### EXERCISE
Write the entries out again exactly as they stand, but without the pictures.

### RECORDS SHOWN
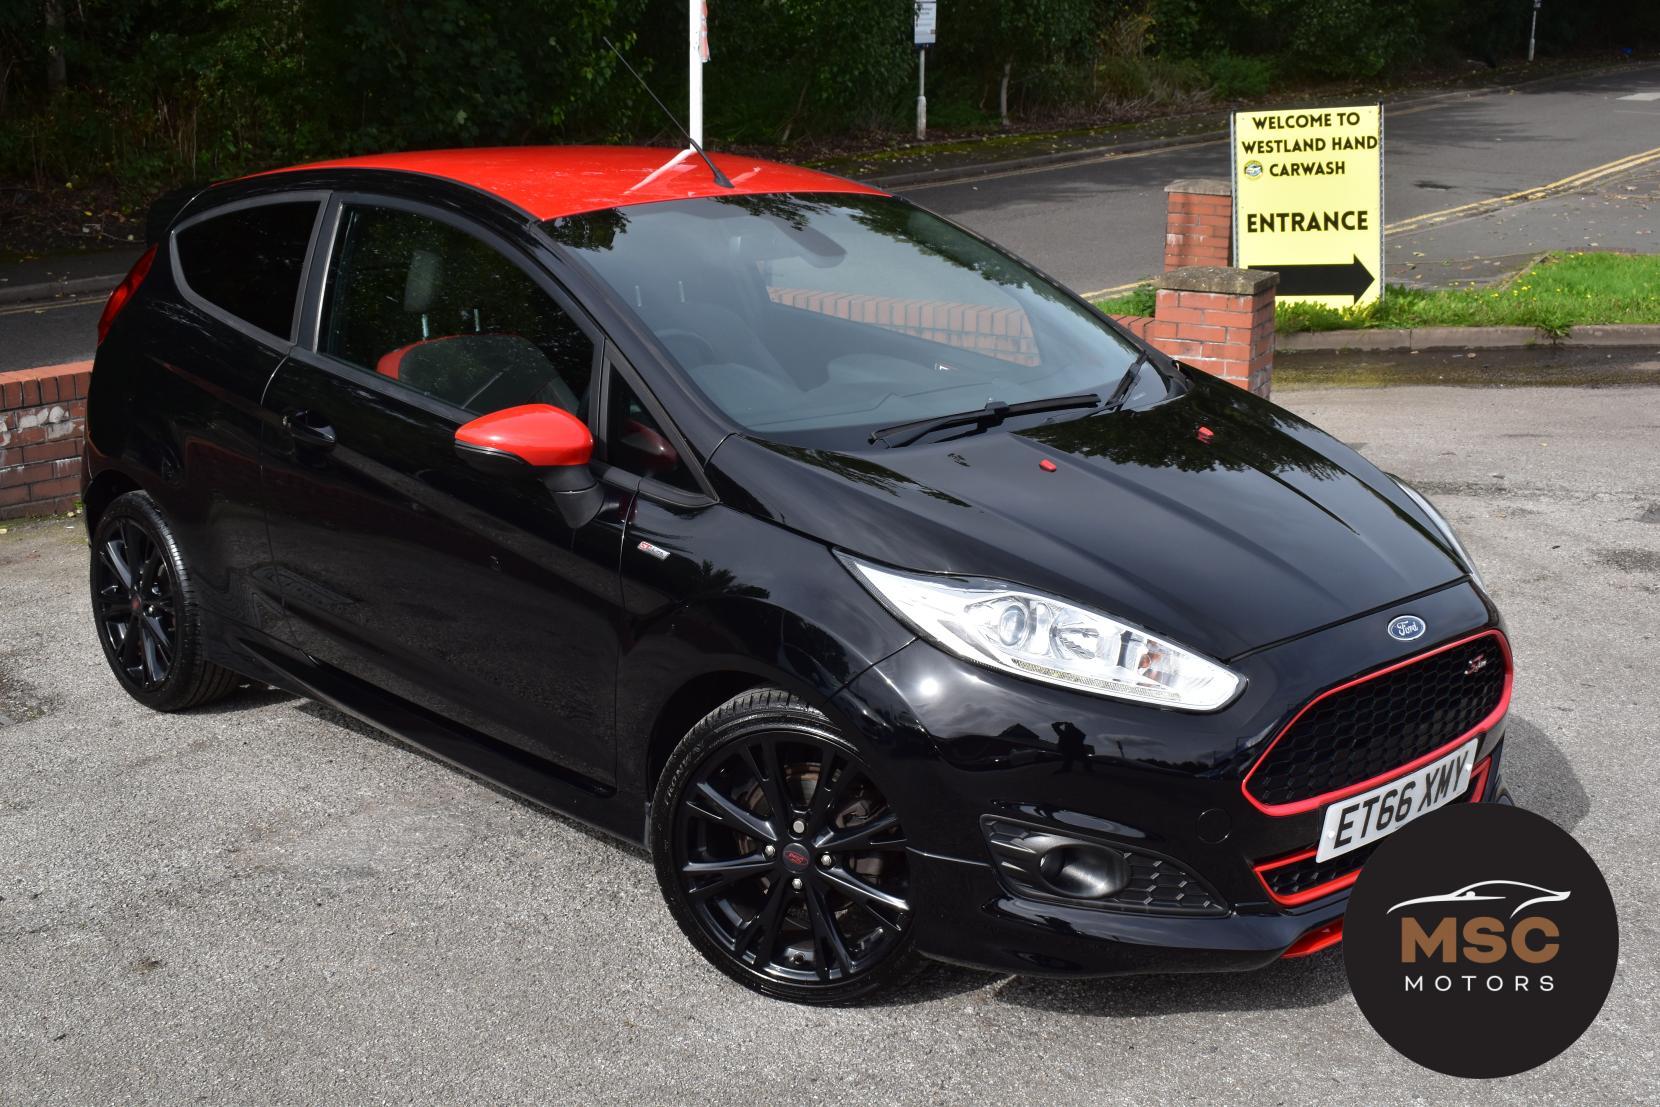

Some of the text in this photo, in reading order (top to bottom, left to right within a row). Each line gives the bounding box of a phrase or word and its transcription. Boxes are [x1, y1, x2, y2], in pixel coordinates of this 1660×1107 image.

[1252, 112, 1360, 130] WELCOME TO
[1242, 136, 1378, 154] WESTLAND HAND
[1269, 161, 1345, 177] CARWASH
[1247, 210, 1369, 233] ENTRANCE
[1396, 620, 1419, 636] Ford
[1333, 750, 1469, 850] ET66 XMY

### OUTPUT OF THE EXERCISE
Some of the text in this photo, in reading order (top to bottom, left to right within a row). Each line gives the bounding box of a phrase or word and its transcription. Boxes are [x1, y1, x2, y2], in pixel coordinates of this 1660×1107 image.

[1252, 112, 1360, 130] WELCOME TO
[1242, 136, 1378, 154] WESTLAND HAND
[1269, 161, 1345, 177] CARWASH
[1247, 210, 1369, 233] ENTRANCE
[1396, 620, 1419, 636] Ford
[1333, 750, 1469, 850] ET66 XMY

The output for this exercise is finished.